§ **Task objective**:
Your copy of the data should match it exactly, leaving out only the pictures.

(Text-to-region grounding data)
....................

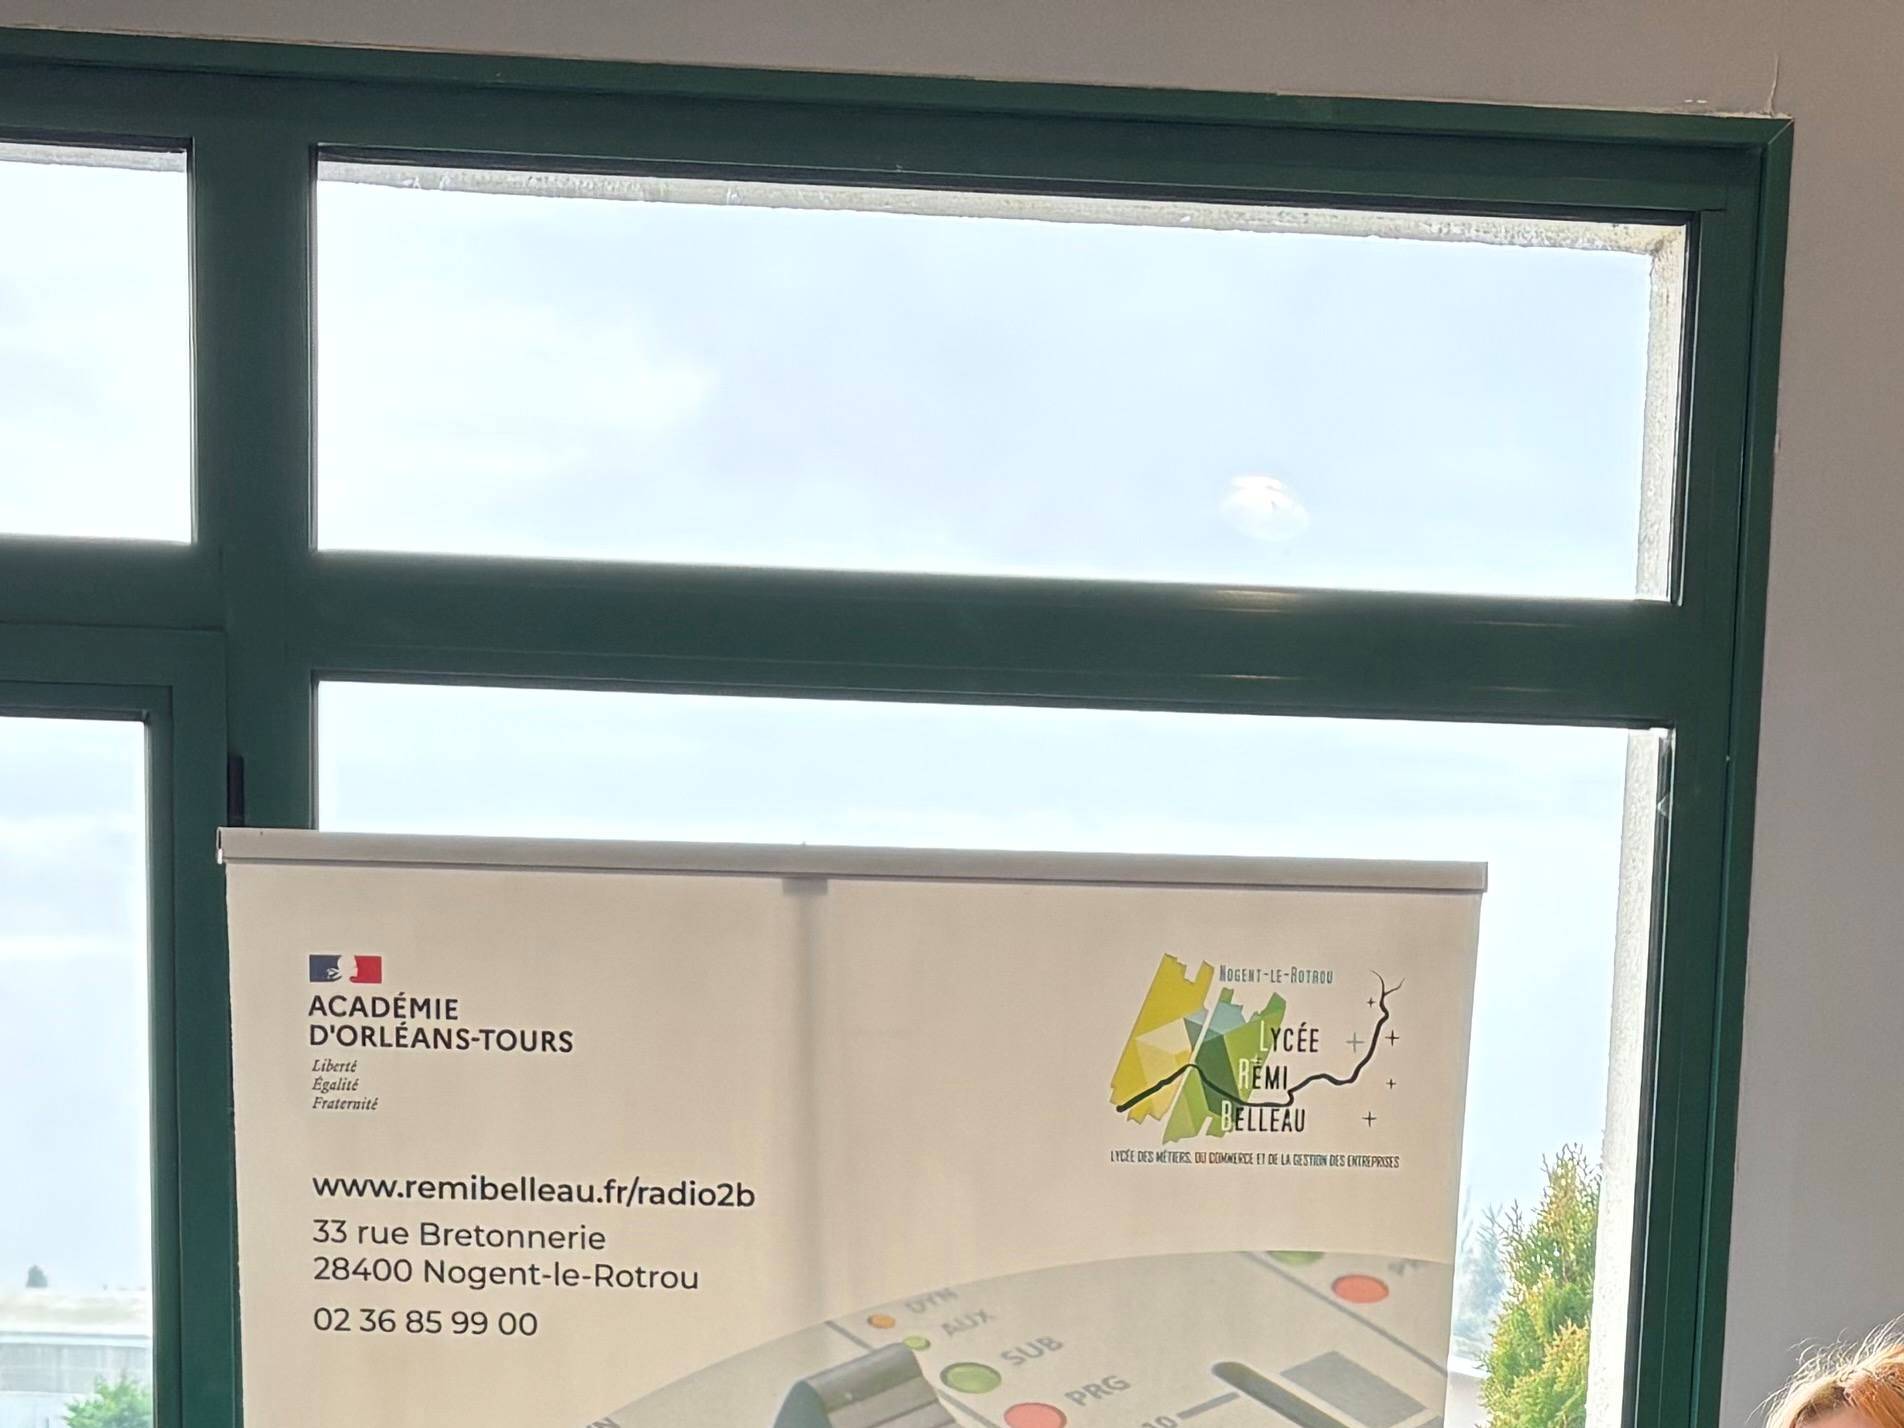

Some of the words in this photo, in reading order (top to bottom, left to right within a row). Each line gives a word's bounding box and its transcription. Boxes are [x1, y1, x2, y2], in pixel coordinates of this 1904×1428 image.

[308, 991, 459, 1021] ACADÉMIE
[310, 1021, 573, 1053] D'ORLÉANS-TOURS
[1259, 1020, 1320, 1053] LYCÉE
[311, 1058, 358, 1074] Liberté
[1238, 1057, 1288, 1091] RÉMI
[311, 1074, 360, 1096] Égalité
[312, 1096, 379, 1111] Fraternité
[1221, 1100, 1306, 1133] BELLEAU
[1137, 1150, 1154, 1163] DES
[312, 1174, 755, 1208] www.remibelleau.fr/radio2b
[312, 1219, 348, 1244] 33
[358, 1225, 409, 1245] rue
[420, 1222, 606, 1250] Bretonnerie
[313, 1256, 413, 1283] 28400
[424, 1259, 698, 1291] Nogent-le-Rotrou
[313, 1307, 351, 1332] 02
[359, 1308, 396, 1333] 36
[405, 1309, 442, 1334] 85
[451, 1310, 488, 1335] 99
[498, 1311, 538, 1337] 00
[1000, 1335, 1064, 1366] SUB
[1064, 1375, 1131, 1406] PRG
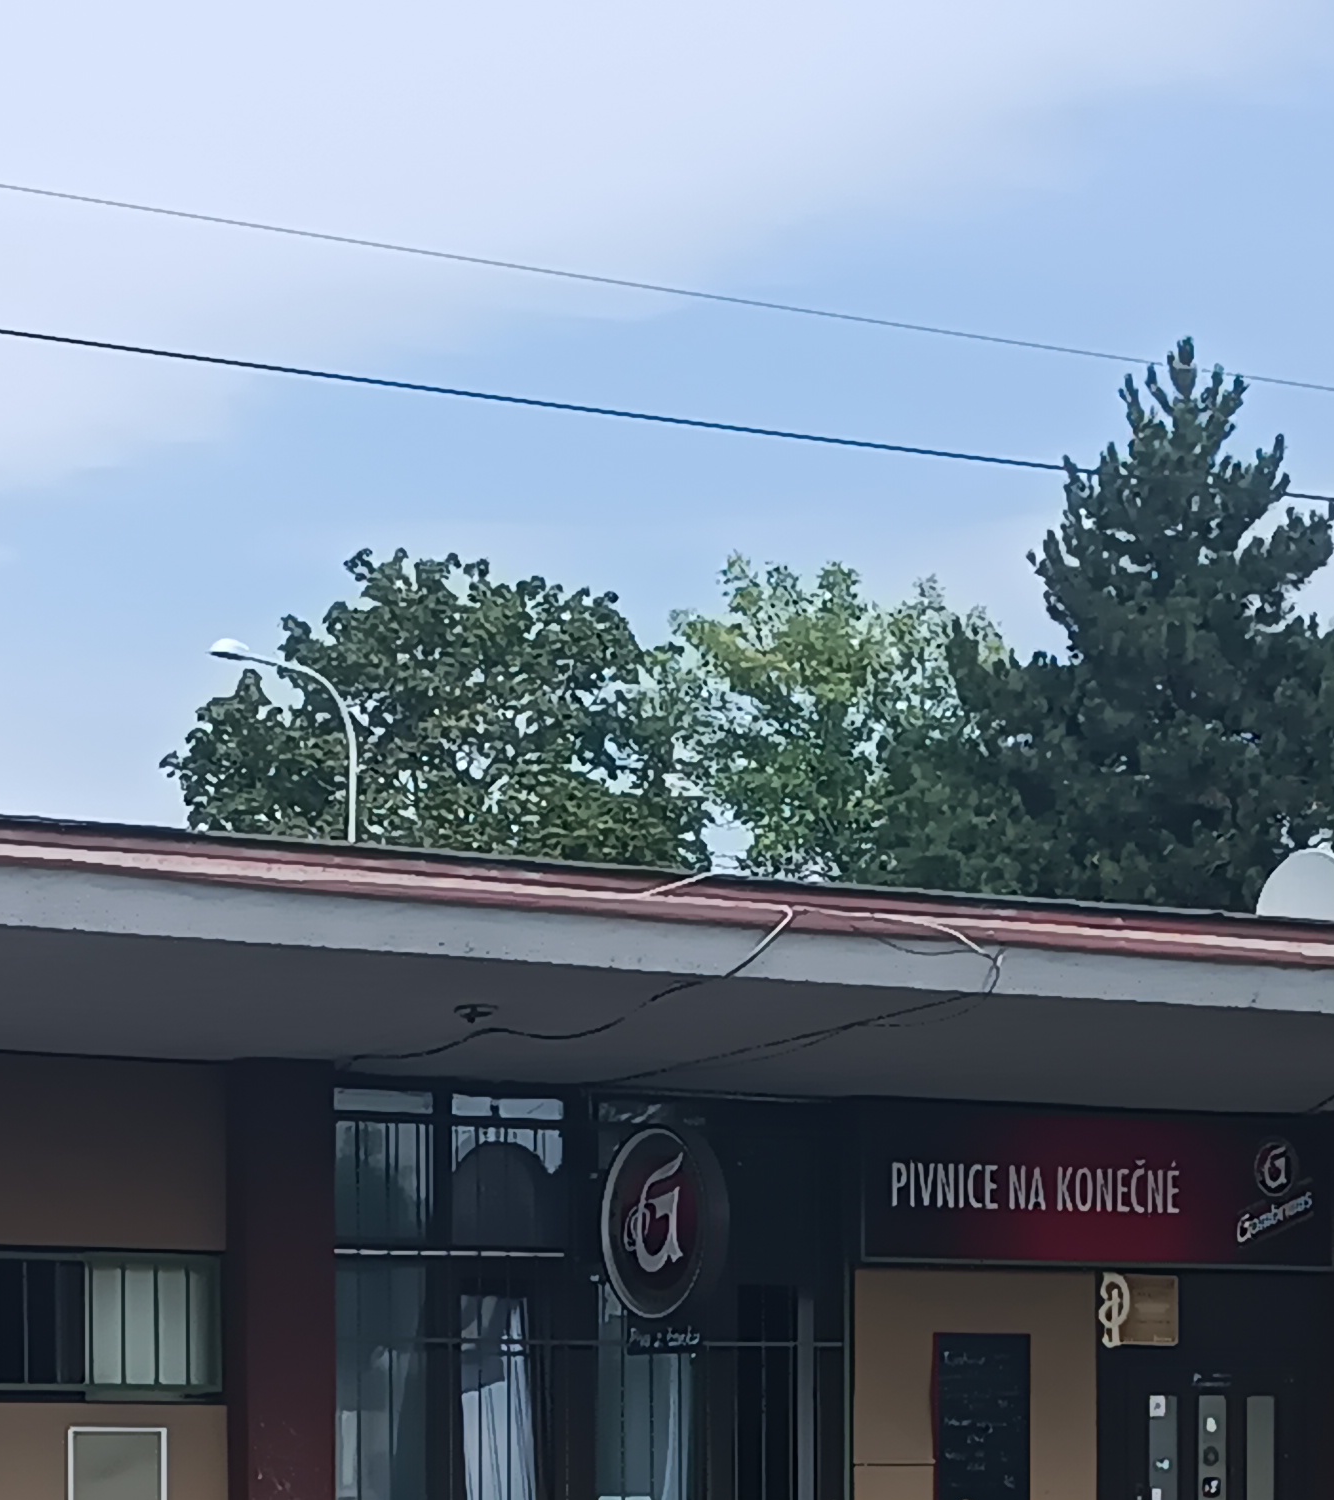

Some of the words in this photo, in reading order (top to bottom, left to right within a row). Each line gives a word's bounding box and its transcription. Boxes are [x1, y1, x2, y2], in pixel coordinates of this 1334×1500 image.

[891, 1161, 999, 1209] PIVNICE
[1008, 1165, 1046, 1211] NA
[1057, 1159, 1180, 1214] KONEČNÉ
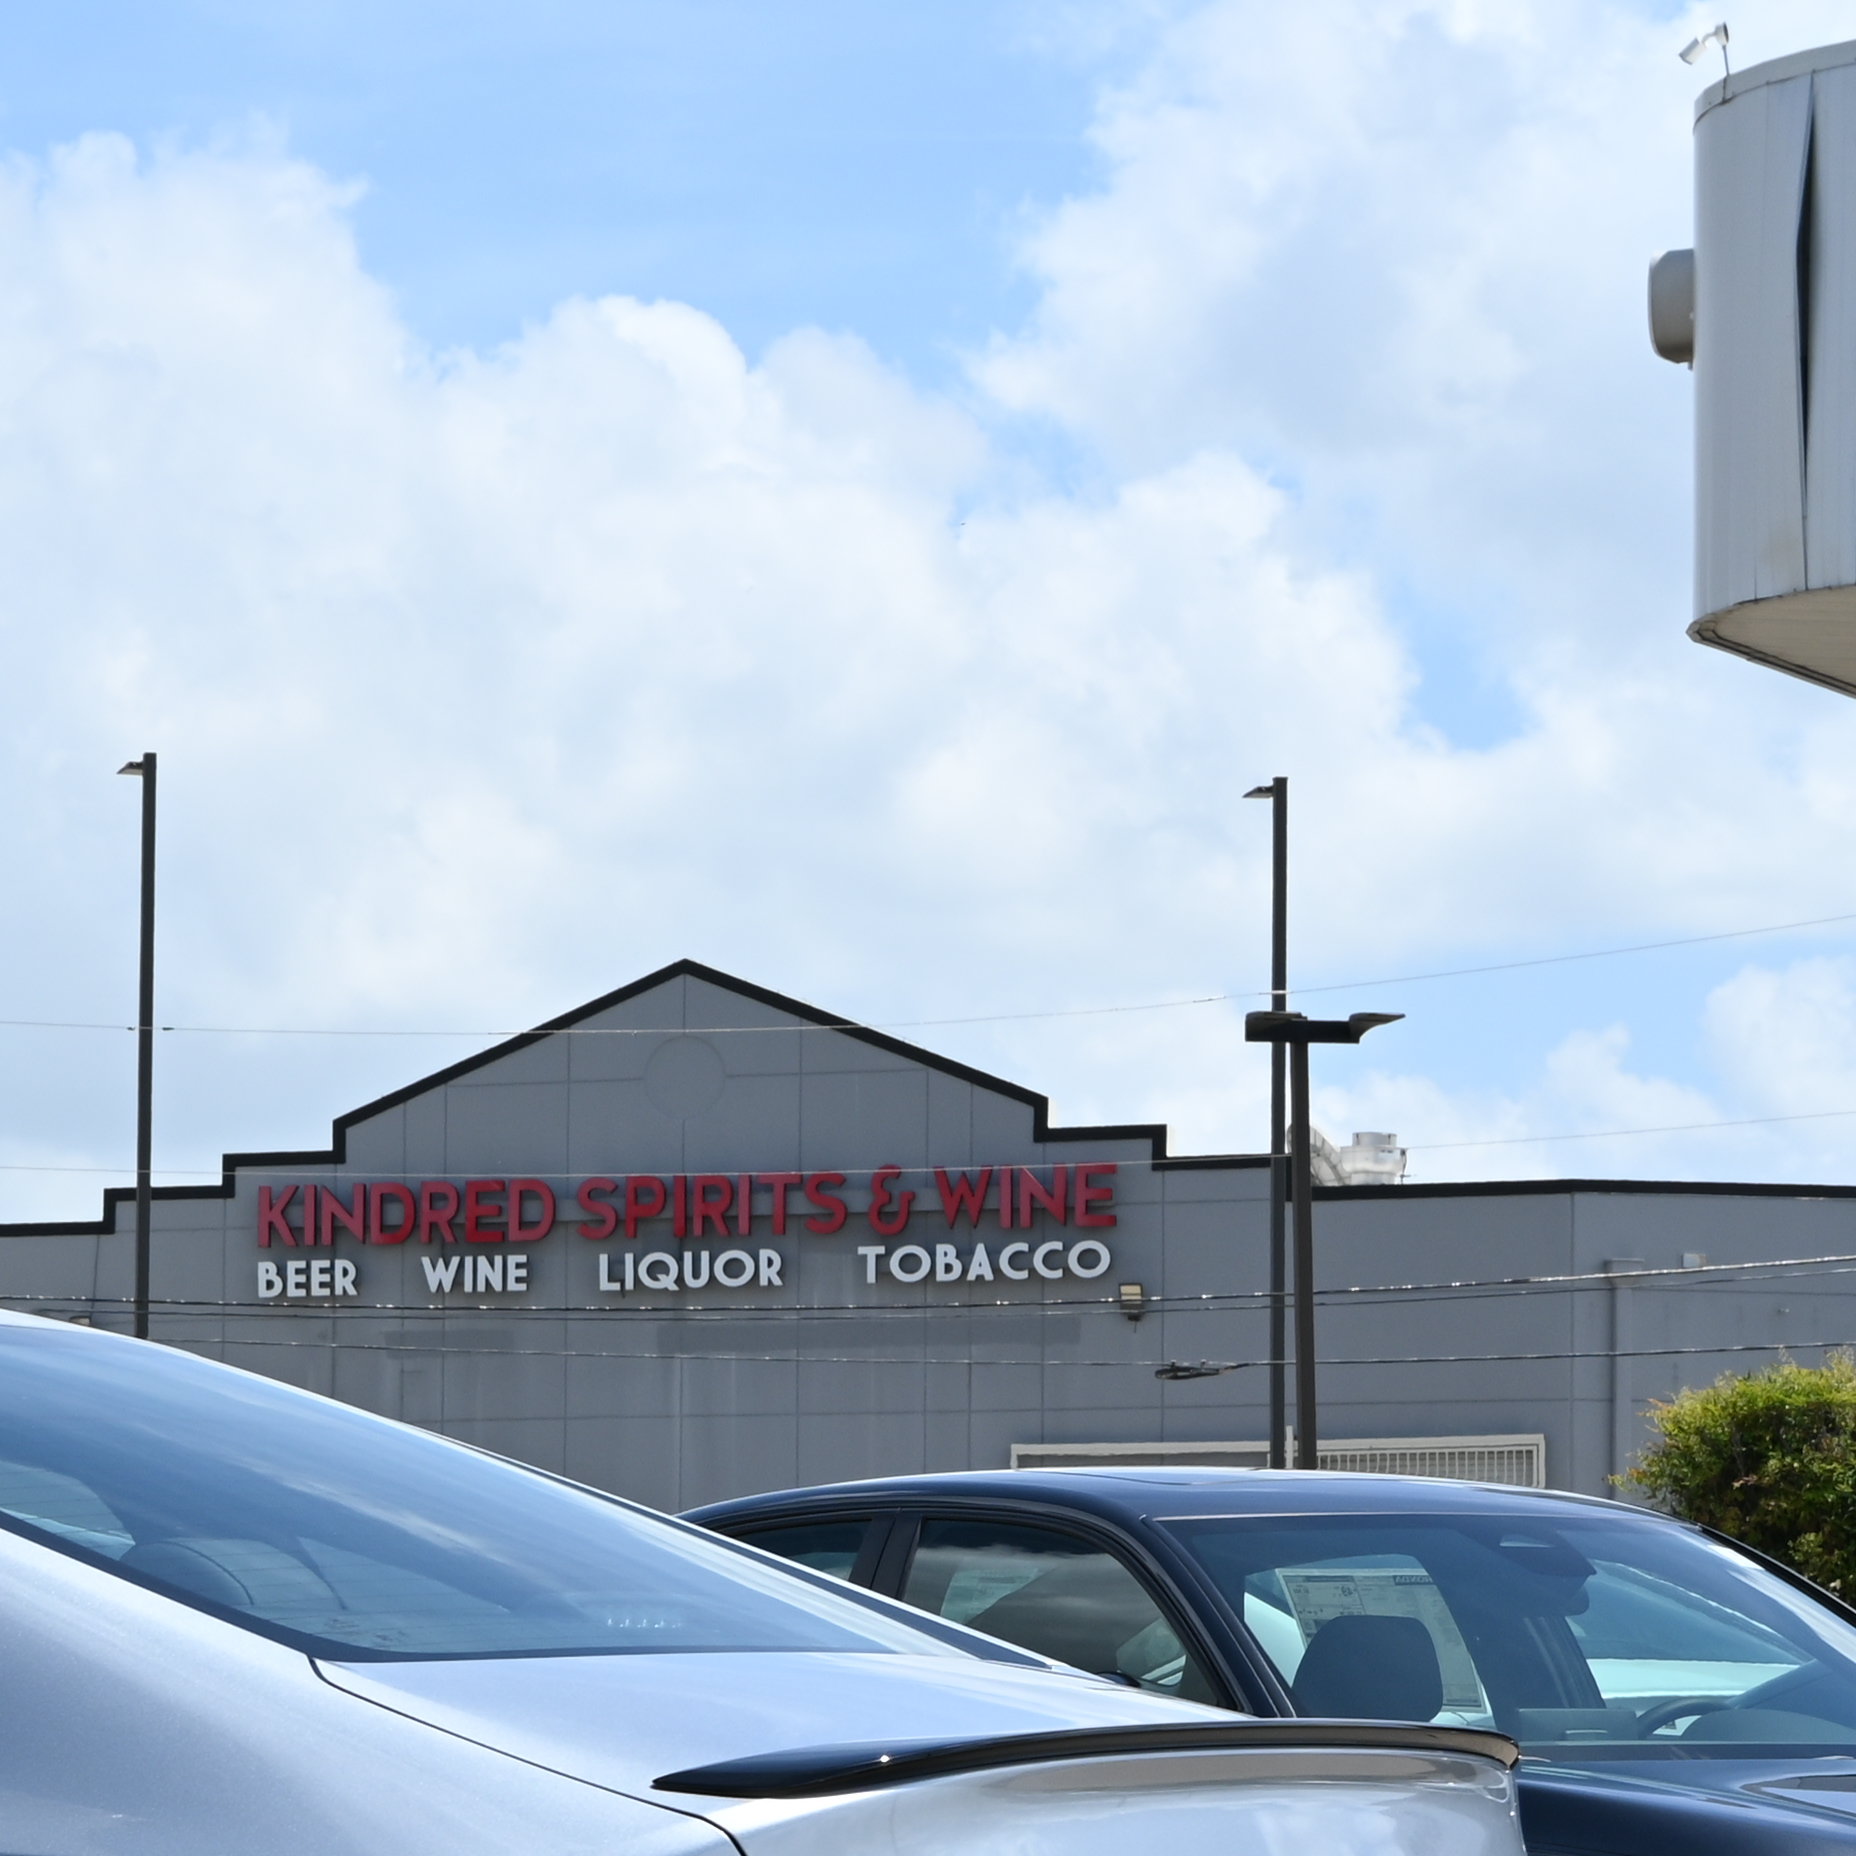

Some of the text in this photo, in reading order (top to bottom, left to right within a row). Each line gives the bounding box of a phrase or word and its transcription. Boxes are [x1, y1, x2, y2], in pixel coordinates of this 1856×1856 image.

....................

§ **Answer space**:
Some of the words in this photo, in reading order (top to bottom, left to right within a row). Each line gives a word's bounding box and its transcription. Boxes are [x1, y1, x2, y2], in pixel coordinates of this 1904×1428 image.

[308, 991, 459, 1021] ACADÉMIE
[310, 1021, 573, 1053] D'ORLÉANS-TOURS
[1259, 1020, 1320, 1053] LYCÉE
[311, 1058, 358, 1074] Liberté
[1238, 1057, 1288, 1091] RÉMI
[311, 1074, 360, 1096] Égalité
[312, 1096, 379, 1111] Fraternité
[1221, 1100, 1306, 1133] BELLEAU
[1137, 1150, 1154, 1163] DES
[312, 1174, 755, 1208] www.remibelleau.fr/radio2b
[312, 1219, 348, 1244] 33
[358, 1225, 409, 1245] rue
[420, 1222, 606, 1250] Bretonnerie
[313, 1256, 413, 1283] 28400
[424, 1259, 698, 1291] Nogent-le-Rotrou
[313, 1307, 351, 1332] 02
[359, 1308, 396, 1333] 36
[405, 1309, 442, 1334] 85
[451, 1310, 488, 1335] 99
[498, 1311, 538, 1337] 00
[1000, 1335, 1064, 1366] SUB
[1064, 1375, 1131, 1406] PRG

Some of the words in this photo, in reading order (top to bottom, left to right within a row). Each line gives a word's bounding box and its transcription. Boxes are [x1, y1, x2, y2], in pixel coordinates of this 1334×1500 image.

[891, 1161, 999, 1209] PIVNICE
[1008, 1165, 1046, 1211] NA
[1057, 1159, 1180, 1214] KONEČNÉ

Some of the text in this photo, in reading order (top to bottom, left to right within a row). Each line gives the bounding box of a phrase or word and its transcription. Boxes are [x1, y1, x2, y2], in pixel coordinates of this 1856×1856 image.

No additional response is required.